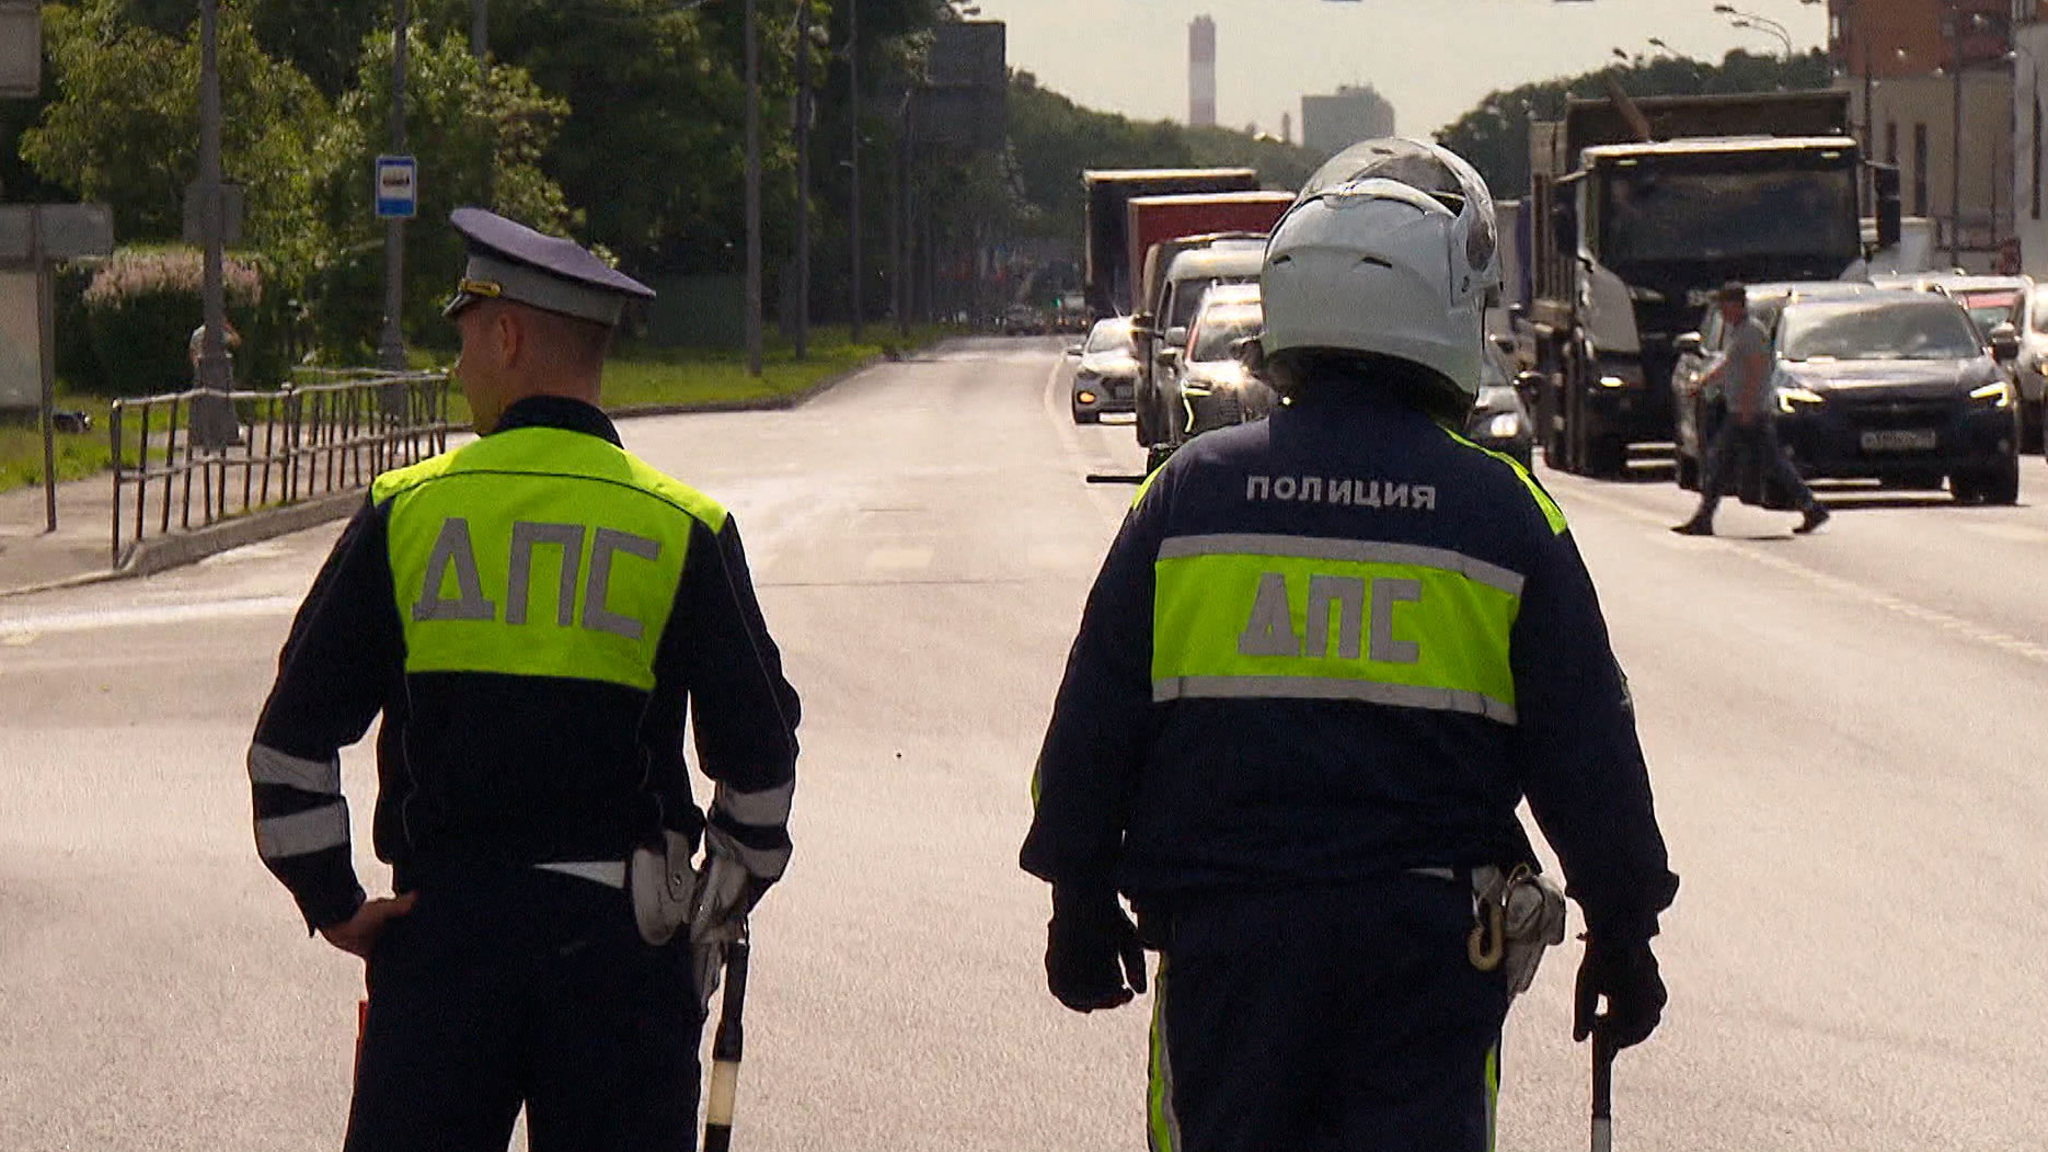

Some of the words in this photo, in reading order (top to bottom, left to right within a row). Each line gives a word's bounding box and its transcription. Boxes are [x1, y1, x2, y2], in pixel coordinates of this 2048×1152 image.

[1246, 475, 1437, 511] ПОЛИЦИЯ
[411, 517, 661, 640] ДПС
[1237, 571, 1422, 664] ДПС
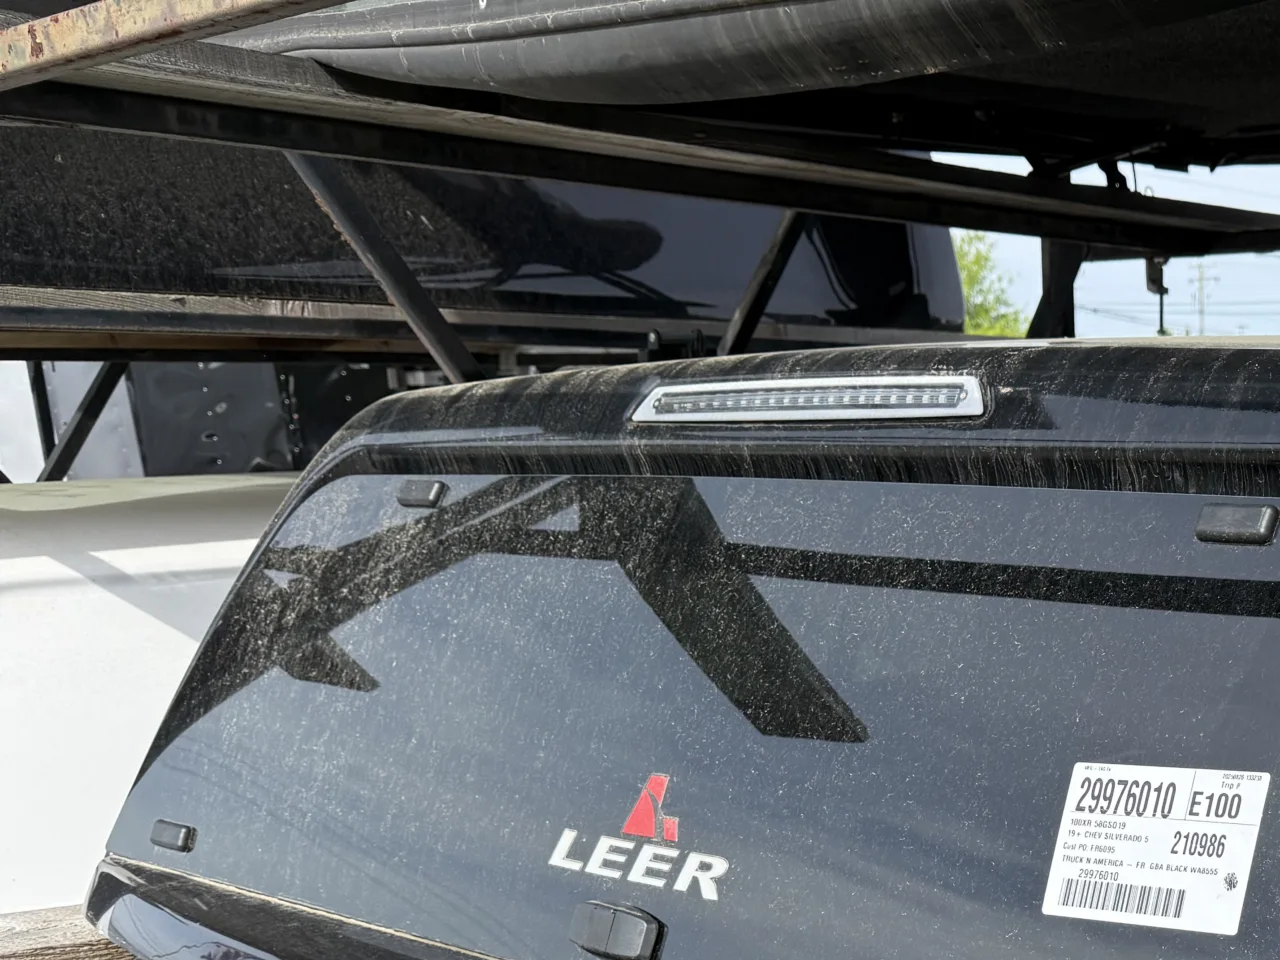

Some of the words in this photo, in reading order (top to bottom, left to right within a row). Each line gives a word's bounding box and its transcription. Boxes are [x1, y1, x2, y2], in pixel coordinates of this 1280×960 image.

▸ **Prompt**
The material above should be returned exactly, without pictures.

▸ **Exercise response**
Some of the words in this photo, in reading order (top to bottom, left to right within a row). Each line gives a word's bounding box and its transcription. Boxes are [x1, y1, x2, y2], in pixel coordinates of this 2048×1152 image.

[1246, 475, 1437, 511] ПОЛИЦИЯ
[411, 517, 661, 640] ДПС
[1237, 571, 1422, 664] ДПС

Some of the words in this photo, in reading order (top to bottom, left to right within a row). Each line gives a word's bounding box and its transcription. Boxes are [x1, y1, x2, y2], in pixel coordinates of this 1280×960 image.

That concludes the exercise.